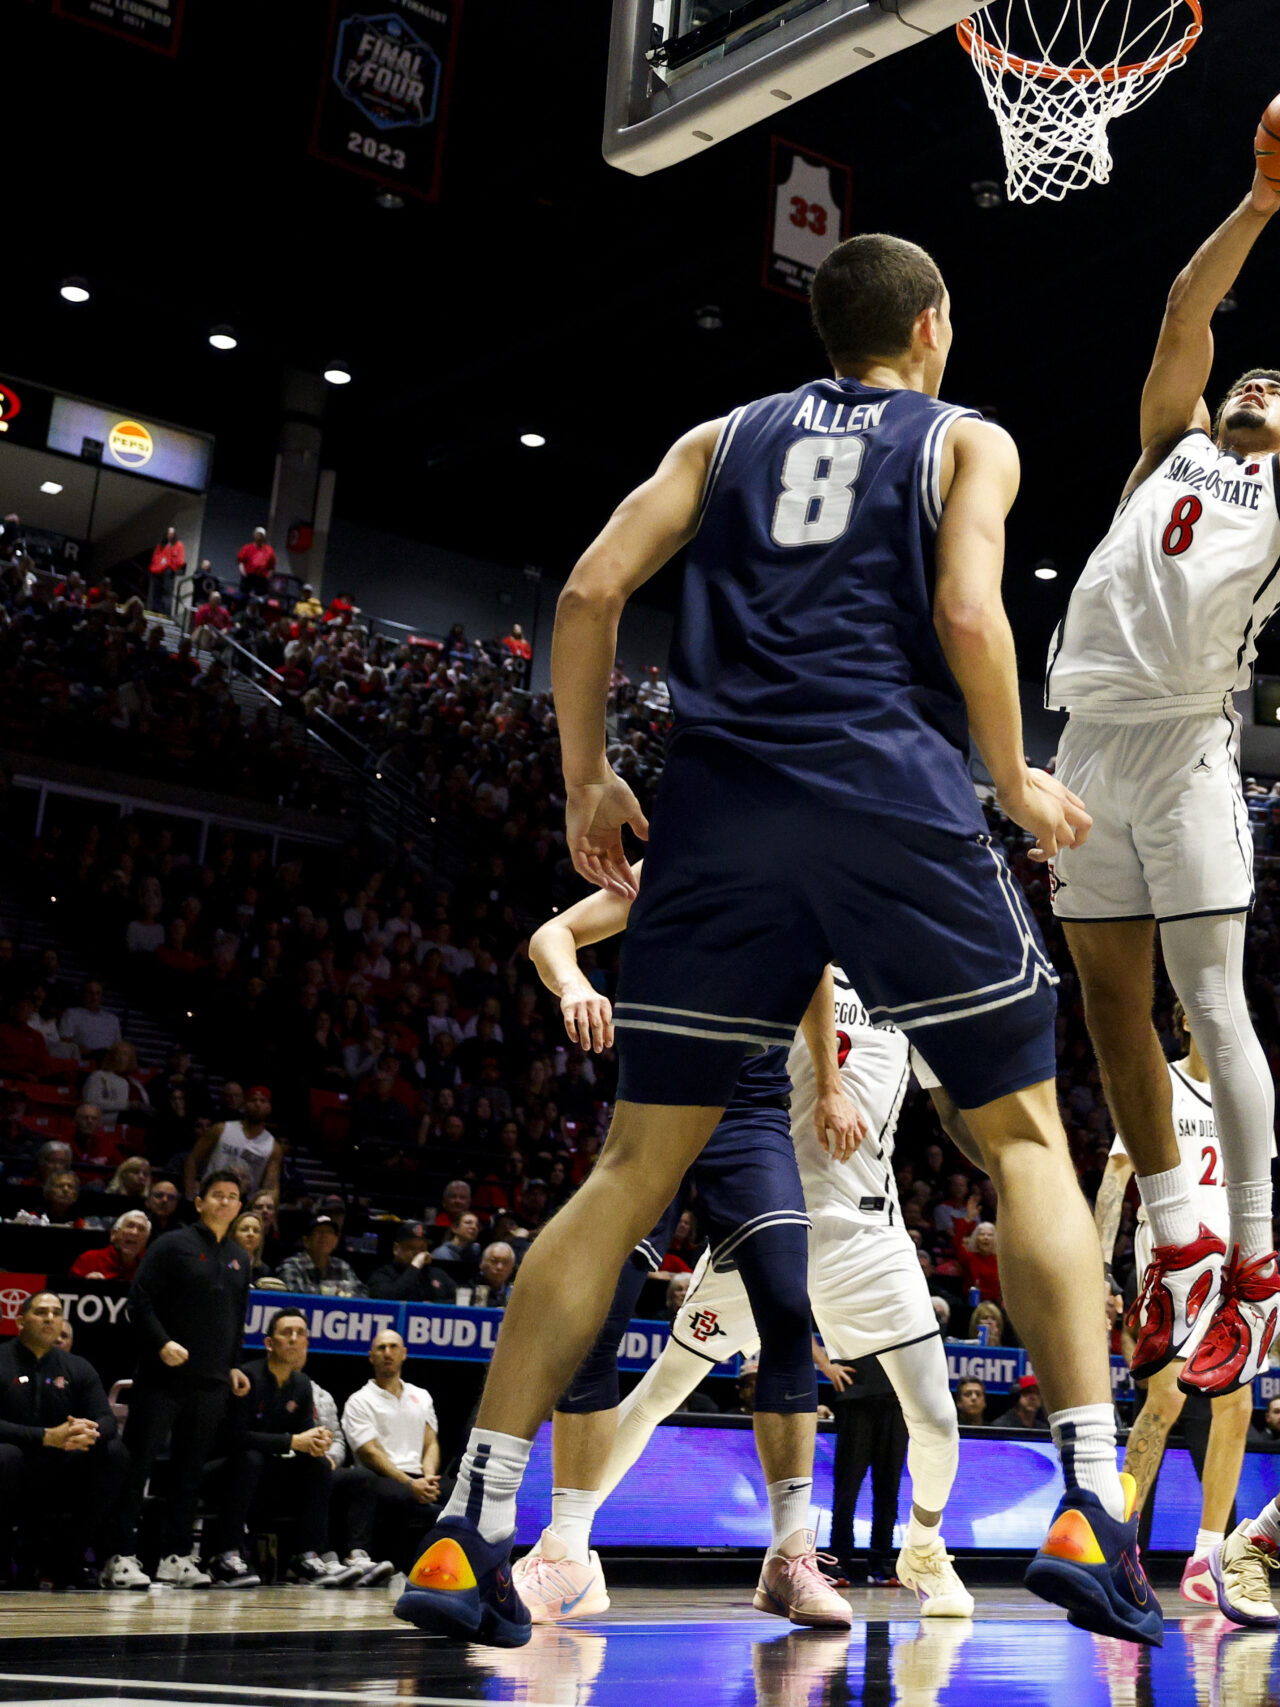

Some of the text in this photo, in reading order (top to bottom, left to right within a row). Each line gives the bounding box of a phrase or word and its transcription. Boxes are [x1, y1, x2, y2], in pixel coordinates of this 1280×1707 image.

[357, 32, 423, 80] FINAL
[359, 59, 426, 104] FOUR
[346, 130, 408, 171] 2023
[790, 196, 827, 236] 33
[792, 394, 891, 434] ALLEN
[112, 436, 150, 453] PEPSI
[770, 436, 866, 548] 8
[1163, 455, 1196, 483] SAN
[1212, 478, 1263, 511] STATE
[1161, 494, 1203, 556] 8
[1178, 1119, 1196, 1137] SAN
[408, 1316, 478, 1348] BUD
[948, 1356, 1017, 1383] LIGHT
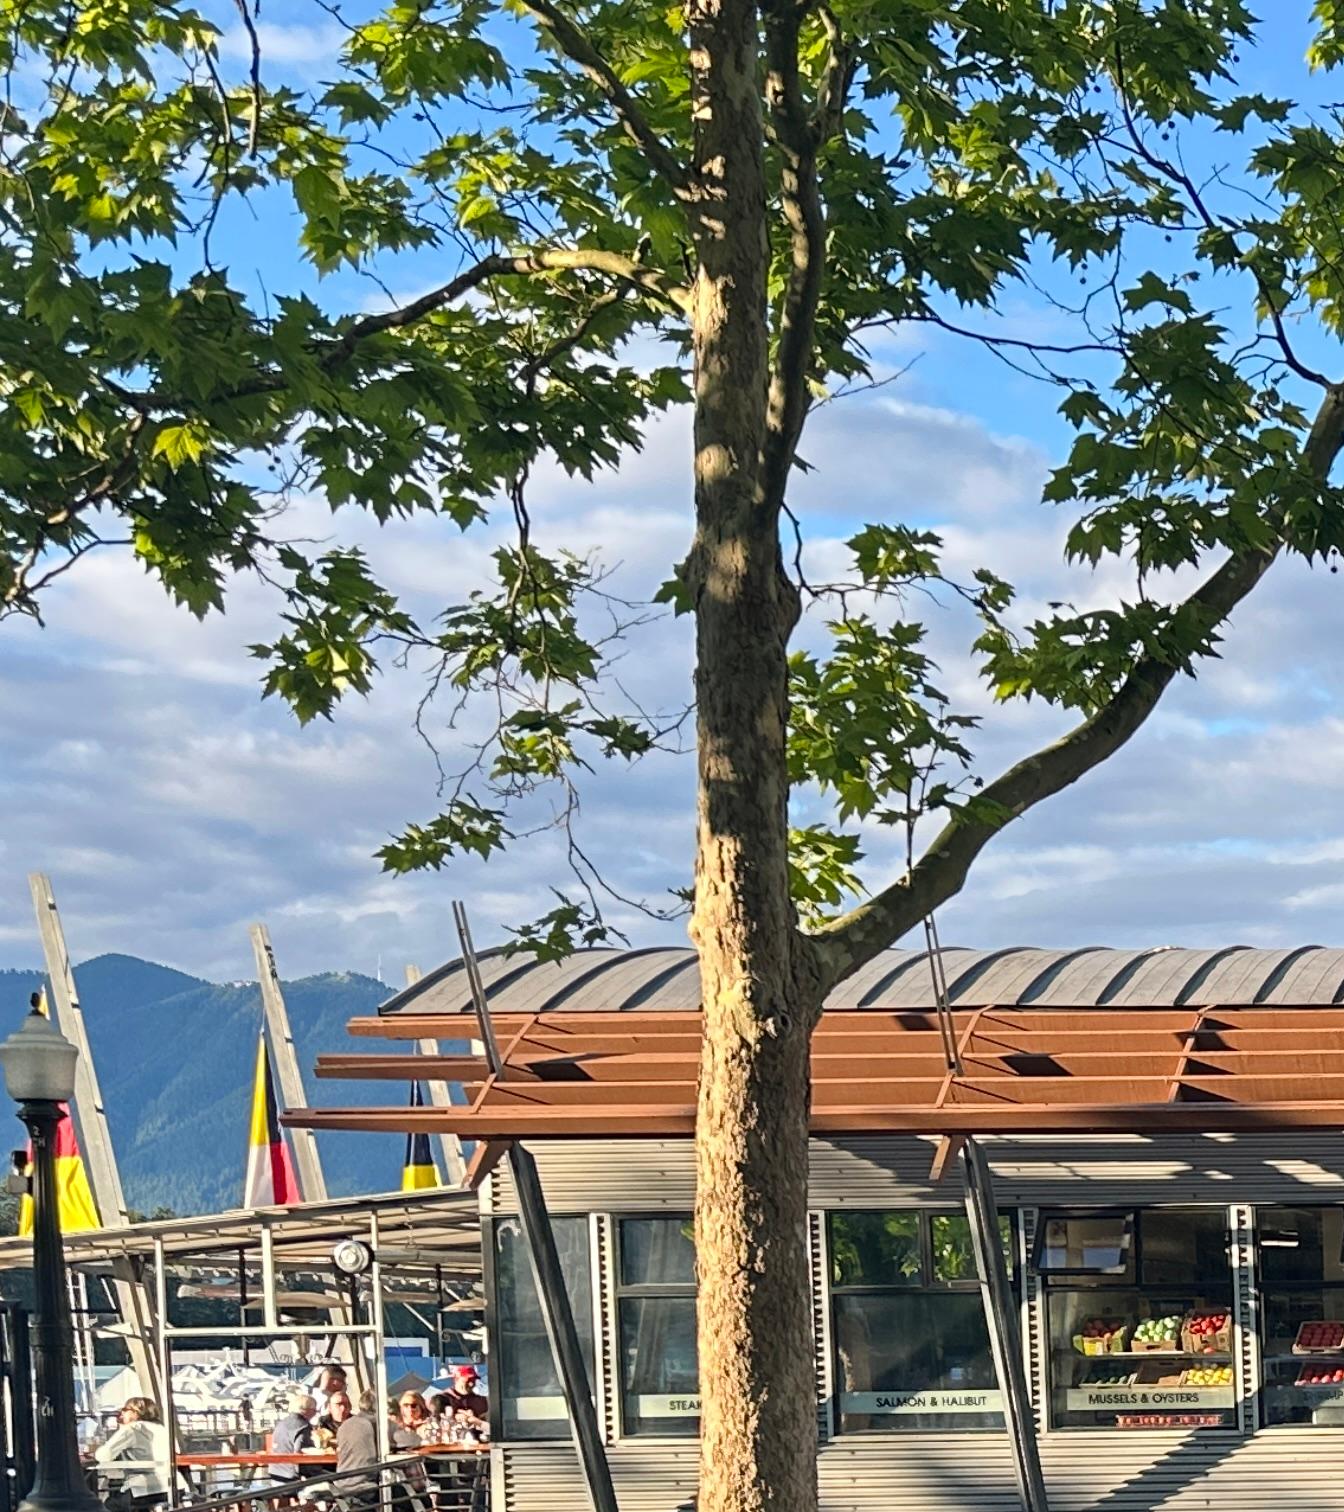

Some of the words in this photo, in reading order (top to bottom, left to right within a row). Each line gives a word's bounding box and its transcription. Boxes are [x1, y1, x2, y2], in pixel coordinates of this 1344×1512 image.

Try it » Write out the whole of the data exactly; the pictures stay out.

Solution to this exercise »
Some of the text in this photo, in reading order (top to bottom, left to right within a row). Each line gives the bounding box of a phrase or word and its transcription. Boxes are [x1, y1, x2, y2], in pixel coordinates of this 1280×1707 image.

[357, 32, 423, 80] FINAL
[359, 59, 426, 104] FOUR
[346, 130, 408, 171] 2023
[790, 196, 827, 236] 33
[792, 394, 891, 434] ALLEN
[112, 436, 150, 453] PEPSI
[770, 436, 866, 548] 8
[1163, 455, 1196, 483] SAN
[1212, 478, 1263, 511] STATE
[1161, 494, 1203, 556] 8
[1178, 1119, 1196, 1137] SAN
[408, 1316, 478, 1348] BUD
[948, 1356, 1017, 1383] LIGHT

Some of the words in this photo, in reading order (top to bottom, left to right within a row). Each line gives a word's bounding box and its transcription. Boxes are [x1, y1, x2, y2], in pixel coordinates of this 1344×1512 image.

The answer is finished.